- _Source information_
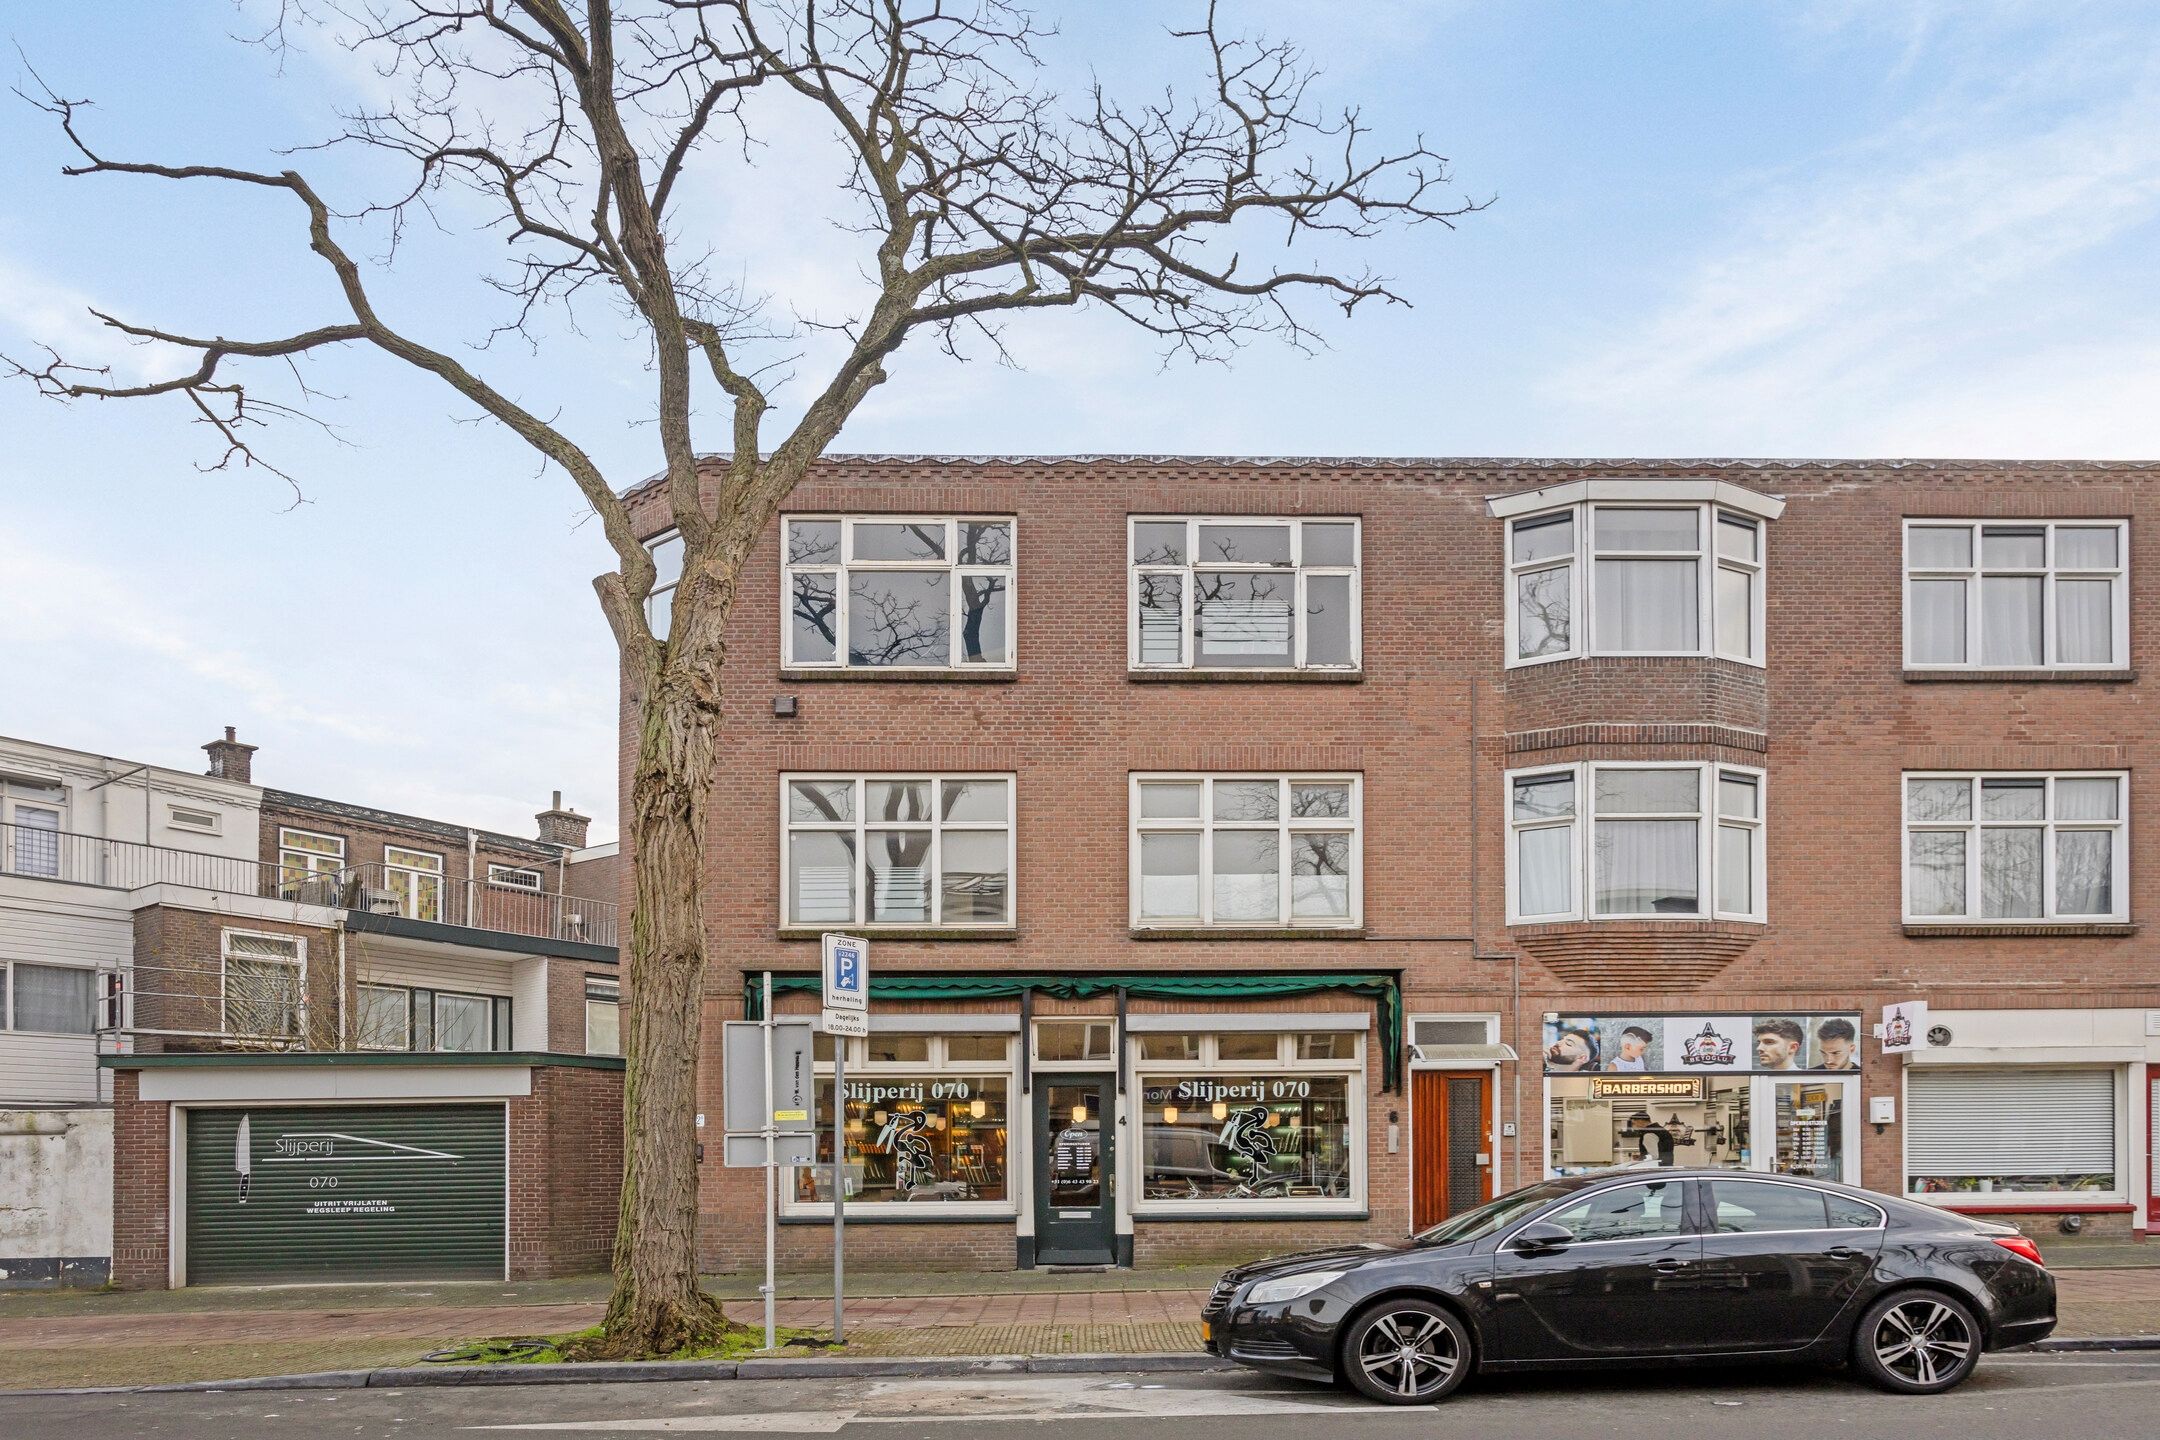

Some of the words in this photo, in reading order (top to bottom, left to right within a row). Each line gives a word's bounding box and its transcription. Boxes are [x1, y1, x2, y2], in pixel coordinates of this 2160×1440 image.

[840, 957, 853, 976] P
[832, 995, 862, 1004] herhaling
[835, 1013, 859, 1022] Dagelijks
[842, 1082, 924, 1103] Slijperij
[931, 1082, 969, 1099] 070
[1178, 1081, 1265, 1102] Slijperij
[1272, 1081, 1310, 1098] 070
[1603, 1083, 1692, 1094] BARBERSHOP
[1118, 1116, 1127, 1126] 4
[1064, 1130, 1083, 1138] Open
[275, 1138, 334, 1156] Slijperij
[309, 1177, 338, 1188] 070

- _Required work_
Produce an exact copy of every line above, with the images left out.

- _Output for this task_
Some of the words in this photo, in reading order (top to bottom, left to right within a row). Each line gives a word's bounding box and its transcription. Boxes are [x1, y1, x2, y2], in pixel coordinates of this 2160×1440 image.

[840, 957, 853, 976] P
[832, 995, 862, 1004] herhaling
[835, 1013, 859, 1022] Dagelijks
[842, 1082, 924, 1103] Slijperij
[931, 1082, 969, 1099] 070
[1178, 1081, 1265, 1102] Slijperij
[1272, 1081, 1310, 1098] 070
[1603, 1083, 1692, 1094] BARBERSHOP
[1118, 1116, 1127, 1126] 4
[1064, 1130, 1083, 1138] Open
[275, 1138, 334, 1156] Slijperij
[309, 1177, 338, 1188] 070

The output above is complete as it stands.